Indeed, church treasurers continue to see stable – and in many regions, growing – tithes and mission offerings. Tithe to the world church headquarters from outside North America through September totaled US$20.7 million, a 5.6 percent increase from last year. Mission offerings from the same region were up 5.4 percent, to $45.1 million.

“In spite of challenges, God’s children have continued their strong support of His work through their tithes and offerings,” Adventist world church Treasurer Robert E. Lemon said in a report to Annual Council delegates this morning. 

Historically, the Adventist Church has relied heavily on financial contributions from the church’s North American Division (NAD), Lemon said. The global Protestant denomination was organized in the Northeast U.S., and Americans supported much of the church’s initial mission work. But in recent years, a growing portion of the world church’s budget has come from tithes and offerings from outside North America.

Total income for the Adventist Church headquarters for the world budget is now split nearly 50:50, with NAD and divisions outside North America each contributing approximately half. As recently as 2006, that ratio was 66 NAD and 34 the rest.

“We have seen tremendous growth in the financial strength of our church around the world,” Lemon said.

But this growing reliance on funds from outside North America makes the church increasingly vulnerable to exchange rates, he added. 

For example, tithe from Brazil grew 15 percent last year in local currency, but 30 percent in U.S. dollars. This year, however, a similar 15 percent growth in tithe translated to a mere 5 percent increase once exchanged to U.S. dollars. Because the church’s budget and appropriations are handled in U.S. dollars, church financial officers continually monitor currency exchanges, Lemon said.

“We have to remember that we face huge fluctuations now because of exchange rates,” Lemon said.

This year, church financial officers are also accounting for a shift in the percentage of tithe from NAD that goes toward the world church budget. Between 2000 and 2005, church financial officers adjusted this contribution from 10.7 percent down to 8 percent of tithe from NAD. This year, church treasurers continued to reduce the percentage, with a target of 6 percent projected for 2020. The other 12 divisions, by comparison, each contribute 2 percent of their tithe toward the world church budget.

Lemon said the adjustment reflects growing needs in North America. Demographics in the region, he said, are changing “dramatically.” A majority of new believers in North America now come from immigrant backgrounds, and many of them don’t have large earning power, he said.

“There’s a tremendous mission field now growing in North America,” Lemon said. “We need an adjustment that allows this region to remain strong.”

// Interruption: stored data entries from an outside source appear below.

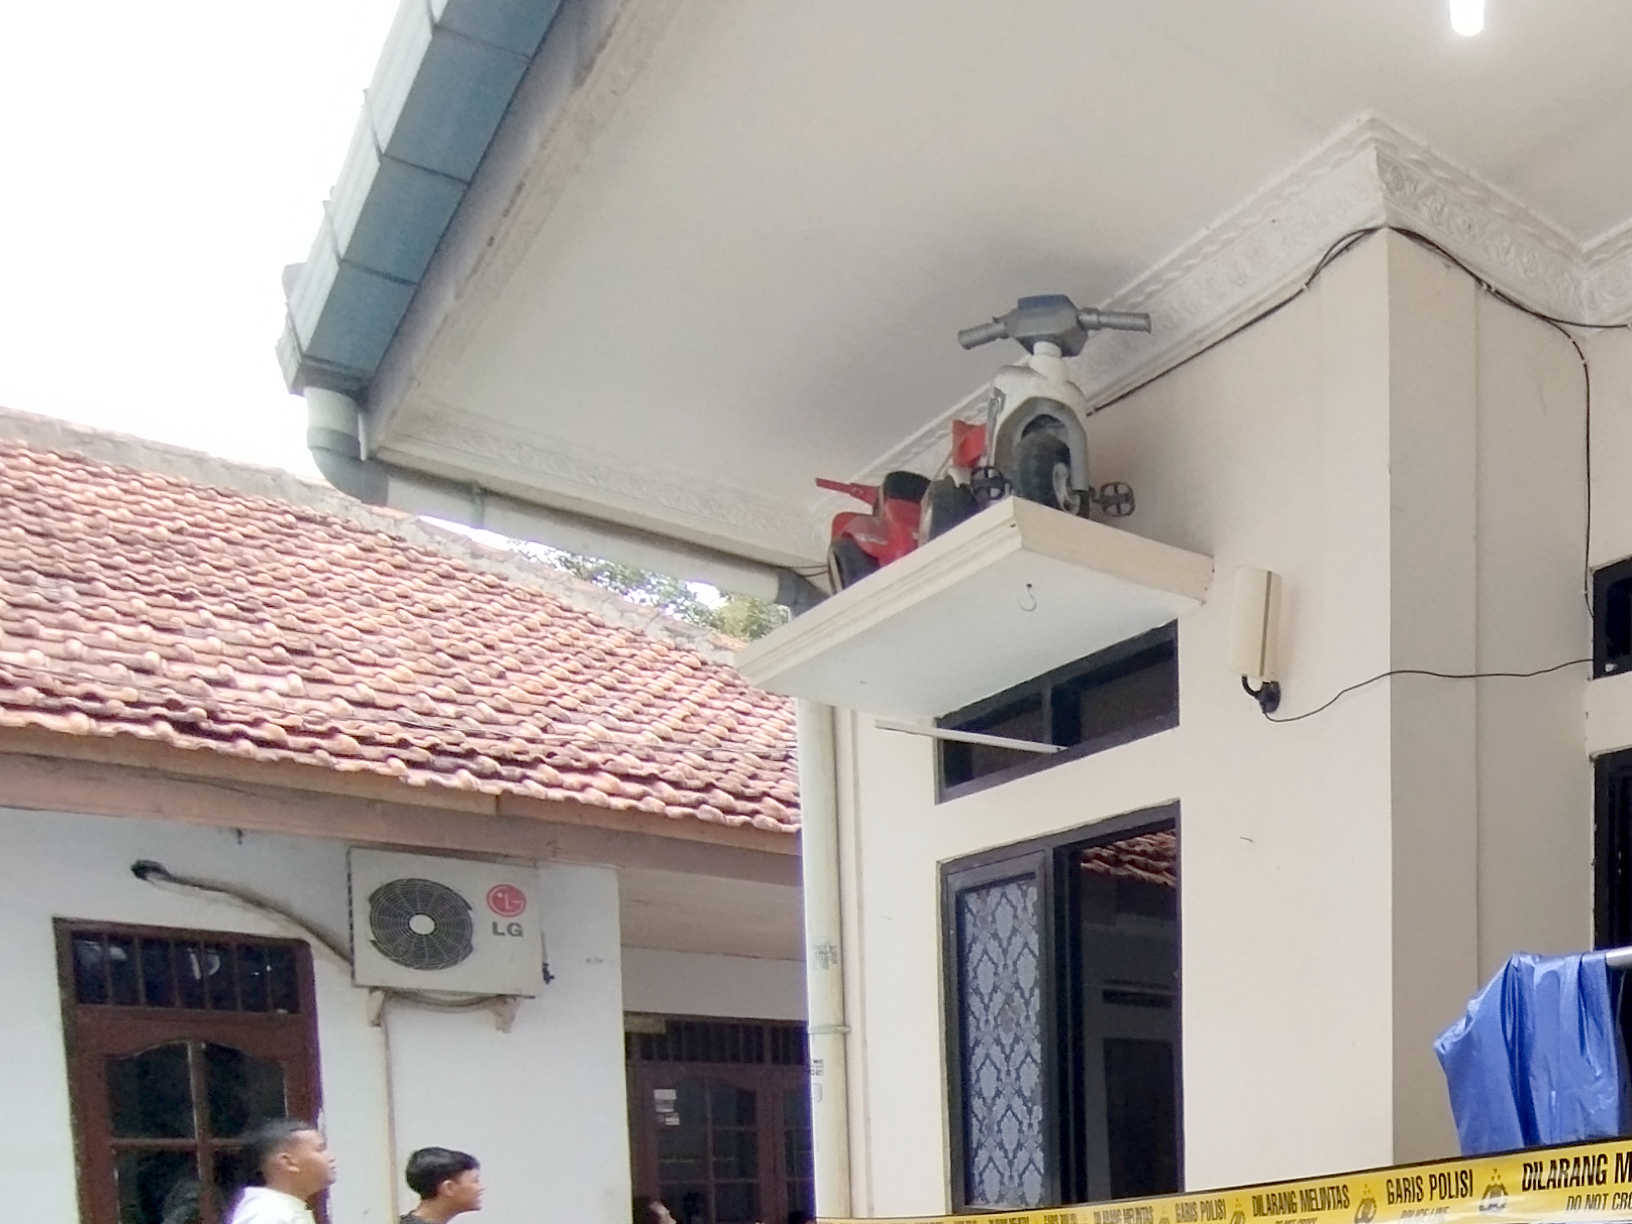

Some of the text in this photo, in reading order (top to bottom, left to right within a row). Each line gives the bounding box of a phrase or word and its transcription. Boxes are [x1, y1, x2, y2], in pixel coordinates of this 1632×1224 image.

[491, 921, 524, 938] LG
[1385, 1168, 1474, 1206] GARIS POLISI
[1521, 1153, 1609, 1193] DILARANG
[1251, 1184, 1350, 1217] DILARANG MELINTAS
[1565, 1195, 1582, 1211] DO
[1584, 1192, 1609, 1211] NOT

Annual Council delegates also accepted a report by Lemon on the Use of Tithe Study Commission, a group of nearly 100 people who have met since 2005. The Commission determined that housing for pastors and other church ministers supported by tithe is an appropriate use of tithe, either through the renting, purchasing or building of houses.

The Commission also is recommending a new policy that organizational bodies such as conferences and unions shall report to the world church’s Executive Committee how much tithe was used in pastoral ministry, administration, education and literature evangelism in their respective regions.

Finally during today’s Treasurer’s report, Annual Council delegates voted to approve the 2013 operating budget of $174 million.

Delegates also approved several recommendations from the world church’s Strategic Planning and Budgeting Committee. Among the recommendations: Hope Channel Ukraine, part of the church’s official television network, will receive a $490,000 allocation. The network received a broadcast license from the government of Ukraine. An additional $400,000 will go toward modernizing netAdventist.org, a Web-based communication software platform.